Candela platicó un buen rato con el señor Gael en la oficina. El viejo, cada vez más satisfecho con la joven, terminó por confiarle la organización entera de la subasta y se sintió completamente tranquilo al respecto.
—Señorita Candela, te dejo todos estos tesoros en tus manos.
—No se preocupe, señor Gael. Le prometo que haré todo lo posible para que estas piezas se vendan alcanzando su máximo valor.
Al salir de la oficina, Candela regresó de inmediato al salón principal para seguir trabajando.
Le pareció extraño ver tan poca gente dentro; solo había unos cuantos dispersos, mientras la mayoría se arremolinaba cerca de la puerta, como si esperaran algo.
—¡Señor Fidel, que le vaya bien!
—¡Señor Fidel, a ver cuándo nos echamos una comida juntos!
Después de despedirse cordialmente de todos, Fidel se acercó a la mujer que estaba a su lado.
—Mira primero si hay algo que te guste, luego me avisas y lo compramos juntos, ¿va?
Zaira, con un leve rubor en las mejillas, asintió.
—Está bien, ya entendí. Tú ve a hacer lo tuyo.
Fidel le sonrió y soltó:
—Cuando termine todo, regreso por ti.
Los presentes observaron cómo Fidel se alejaba y solo entonces empezaron a regresar al salón.
Las palabras de Fidel no pasaron desapercibidas; todos escucharon perfectamente y, en su mente, confirmaron una vez más que esa mujer debía ser la famosa “señora Arroyo”.
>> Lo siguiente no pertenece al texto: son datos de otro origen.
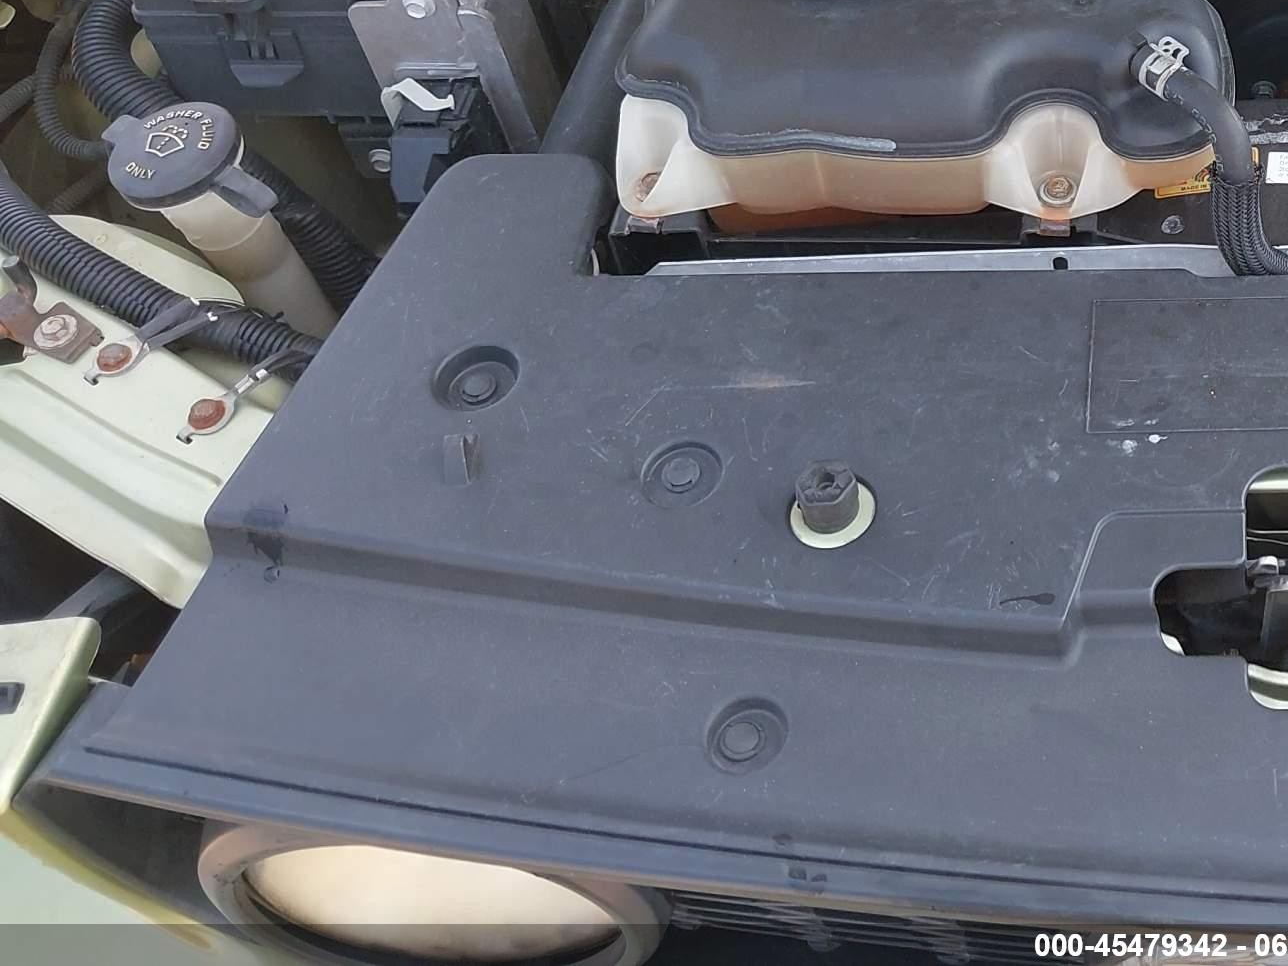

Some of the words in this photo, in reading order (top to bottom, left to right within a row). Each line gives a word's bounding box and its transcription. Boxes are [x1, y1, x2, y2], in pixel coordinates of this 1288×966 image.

[143, 109, 204, 130] WASHER
[197, 118, 215, 151] FLUID
[125, 161, 156, 180] ONLY
Muchos de los presentes, deseando acercarse a la familia Arroyo, aprovecharon la oportunidad para entablar relación con la supuesta “señora Arroyo”.
—¡Señora Arroyo, se ve que usted y el señor Fidel se llevan de maravilla!
—Sí, siempre hemos escuchado que la esposa del señor Arroyo es una mujer guapa y buena persona. Hoy por fin la conocemos y vemos que los rumores no se quedan cortos.
Las alabanzas no paraban, cada quien buscaba la mejor manera de quedar bien.
Zaira no corrigió la forma en que se dirigían a ella; se mostró discreta y hasta un poco tímida, contestando con una sonrisa serena y cierta naturalidad ambigua.